_Referring expression grounding data_
++++++++++

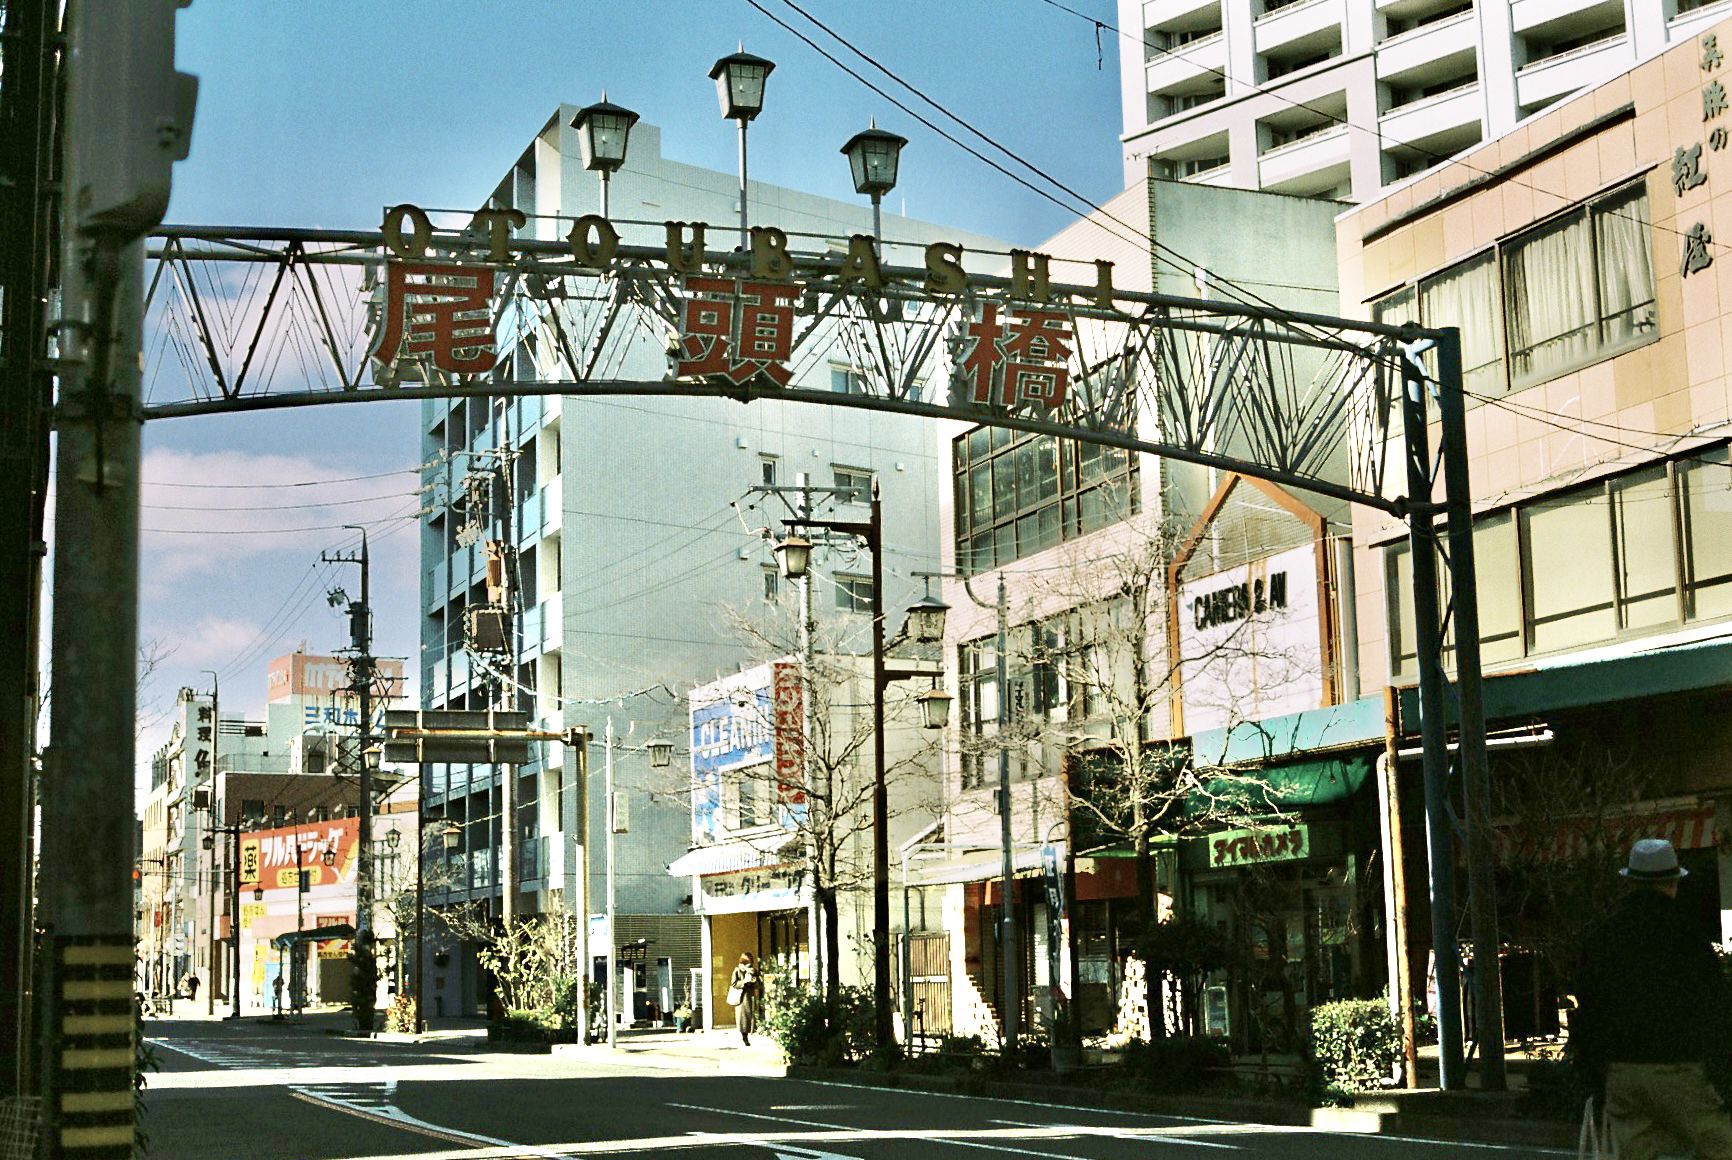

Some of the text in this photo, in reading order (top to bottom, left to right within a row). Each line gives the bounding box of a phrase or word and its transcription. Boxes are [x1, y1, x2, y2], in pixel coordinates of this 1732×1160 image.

[378, 203, 1117, 310] OTOUBASHI
[368, 260, 1074, 408] 尾頭橋
[1194, 583, 1251, 632] CAMERA
[701, 702, 771, 760] CLEANIN
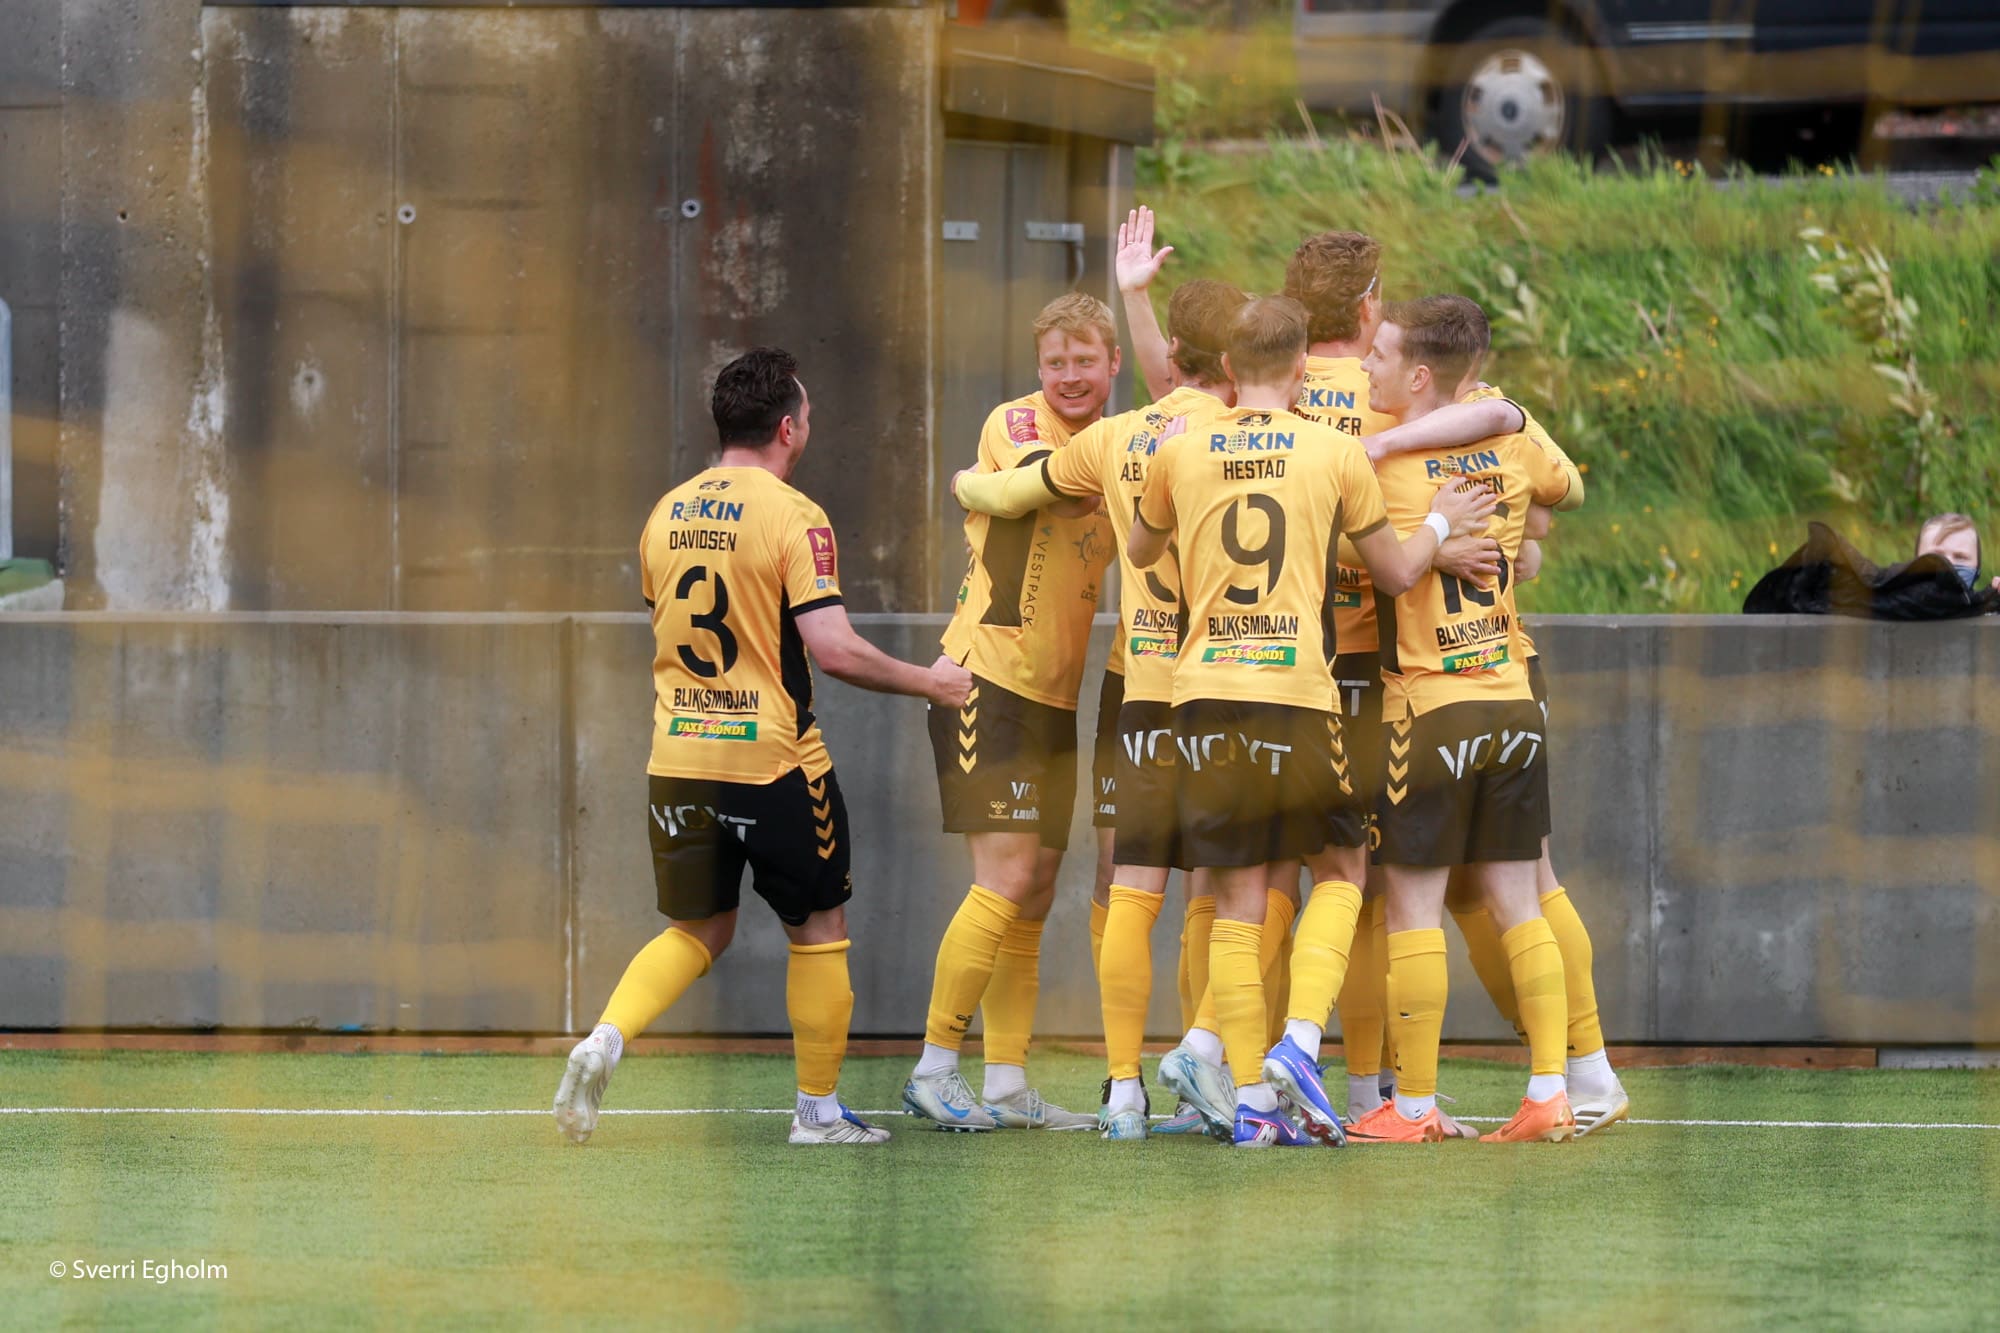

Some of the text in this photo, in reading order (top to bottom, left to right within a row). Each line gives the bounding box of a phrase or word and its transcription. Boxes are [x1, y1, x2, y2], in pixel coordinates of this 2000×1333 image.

[1223, 459, 1286, 481] HESTAD
[669, 529, 737, 552] DAVIDSEN
[1220, 492, 1287, 606] 9
[1022, 540, 1049, 627] VESTPACK
[675, 565, 739, 678] 3
[1245, 649, 1286, 661] KONDI
[1453, 655, 1487, 670] FAXE
[676, 721, 747, 736] FAXE KONDI
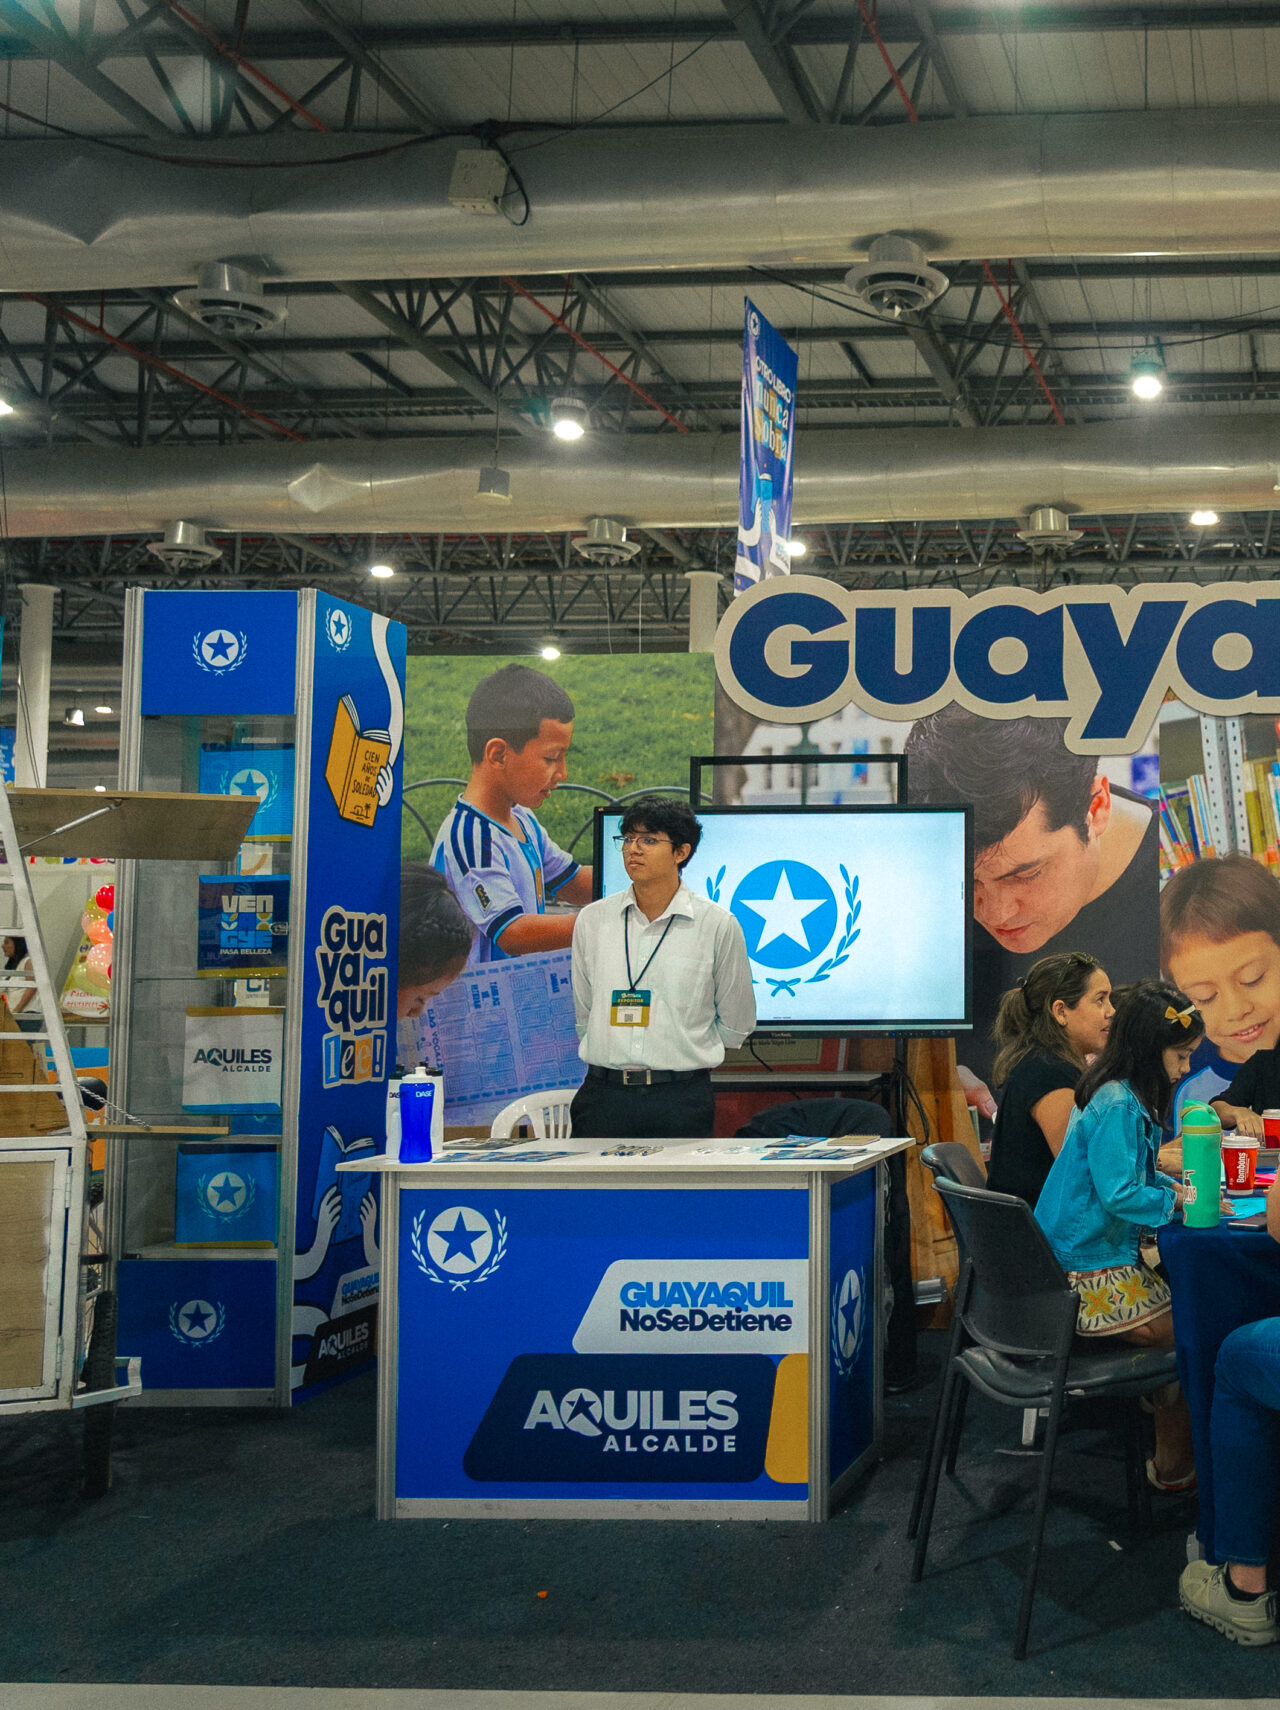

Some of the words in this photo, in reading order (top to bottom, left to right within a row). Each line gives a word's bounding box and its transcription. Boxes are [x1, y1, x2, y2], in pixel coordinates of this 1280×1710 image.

[756, 356, 773, 385] OTRO
[773, 373, 791, 404] LIBRO
[755, 379, 789, 431] nunca
[365, 750, 380, 763] CIEN
[324, 912, 384, 952] Gua
[320, 952, 361, 1000] ya
[328, 973, 385, 1032] quil
[194, 1048, 273, 1067] AQUILES
[328, 1038, 382, 1078] lee!
[389, 1091, 401, 1099] DAS
[415, 1090, 432, 1098] DASE
[620, 1281, 793, 1309] GUAYAQUIL
[620, 1307, 793, 1332] NoSeDetiene
[318, 1322, 368, 1360] AQUILES
[524, 1388, 739, 1436] AQUILES
[602, 1435, 737, 1453] ALCALDE

++++++++++

_Prompt_
Would you copy the records word for word, without any of their pictures?

_Answer for the task_
Some of the text in this photo, in reading order (top to bottom, left to right within a row). Each line gives the bounding box of a phrase or word and its transcription. Boxes are [x1, y1, x2, y2], in pixel coordinates of this 1732×1160 image.

[378, 203, 1117, 310] OTOUBASHI
[368, 260, 1074, 408] 尾頭橋
[1194, 583, 1251, 632] CAMERA
[701, 702, 771, 760] CLEANIN

Some of the text in this photo, in reading order (top to bottom, left to right within a row). Each line gives the bounding box of a phrase or word and its transcription. Boxes are [x1, y1, x2, y2], in pixel coordinates of this 2000×1333 image.

[1223, 459, 1286, 481] HESTAD
[669, 529, 737, 552] DAVIDSEN
[1220, 492, 1287, 606] 9
[1022, 540, 1049, 627] VESTPACK
[675, 565, 739, 678] 3
[1245, 649, 1286, 661] KONDI
[1453, 655, 1487, 670] FAXE
[676, 721, 747, 736] FAXE KONDI

Some of the words in this photo, in reading order (top to bottom, left to right within a row). Each line gives a word's bounding box and its transcription. Boxes are [x1, y1, x2, y2], in pixel coordinates of this 1280×1710 image.

[756, 356, 773, 385] OTRO
[773, 373, 791, 404] LIBRO
[755, 379, 789, 431] nunca
[365, 750, 380, 763] CIEN
[324, 912, 384, 952] Gua
[320, 952, 361, 1000] ya
[328, 973, 385, 1032] quil
[194, 1048, 273, 1067] AQUILES
[328, 1038, 382, 1078] lee!
[389, 1091, 401, 1099] DAS
[415, 1090, 432, 1098] DASE
[620, 1281, 793, 1309] GUAYAQUIL
[620, 1307, 793, 1332] NoSeDetiene
[318, 1322, 368, 1360] AQUILES
[524, 1388, 739, 1436] AQUILES
[602, 1435, 737, 1453] ALCALDE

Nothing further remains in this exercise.